--- START ---
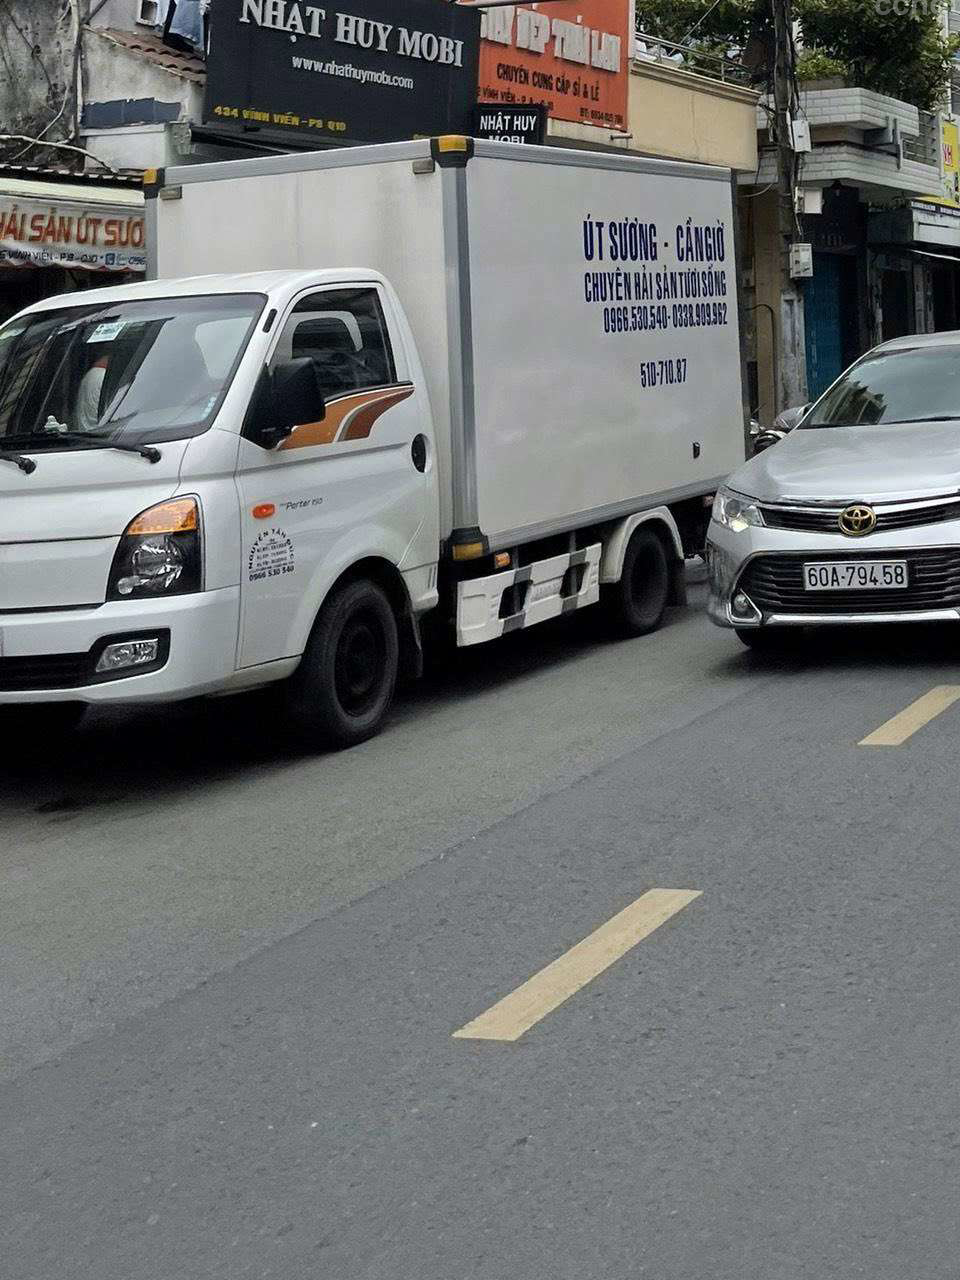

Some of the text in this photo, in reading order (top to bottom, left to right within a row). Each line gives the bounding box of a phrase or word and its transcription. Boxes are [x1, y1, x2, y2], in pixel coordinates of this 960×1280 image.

[334, 12, 393, 53] HUY
[396, 27, 465, 68] MOBI
[292, 56, 414, 90] www.nhathuymobi.com
[214, 105, 239, 119] 434
[480, 111, 537, 133] NHẬT HUY
[583, 214, 604, 261] ÚT
[608, 217, 657, 261] SƯƠNG
[584, 263, 726, 302] CHUYÊN HẢI SẢN TƯƠI SỐNG
[640, 359, 687, 388] 51D-710.87
[807, 564, 905, 587] 60A-794.58
--- END ---
No pictures belong in the copy; output every record exactly.

Some of the text in this photo, in reading order (top to bottom, left to right within a row). Each line gives the bounding box of a phrase or word and its transcription. Boxes are [x1, y1, x2, y2], in pixel coordinates of this 960×1280 image.

[334, 12, 393, 53] HUY
[396, 27, 465, 68] MOBI
[292, 56, 414, 90] www.nhathuymobi.com
[214, 105, 239, 119] 434
[480, 111, 537, 133] NHẬT HUY
[583, 214, 604, 261] ÚT
[608, 217, 657, 261] SƯƠNG
[584, 263, 726, 302] CHUYÊN HẢI SẢN TƯƠI SỐNG
[640, 359, 687, 388] 51D-710.87
[807, 564, 905, 587] 60A-794.58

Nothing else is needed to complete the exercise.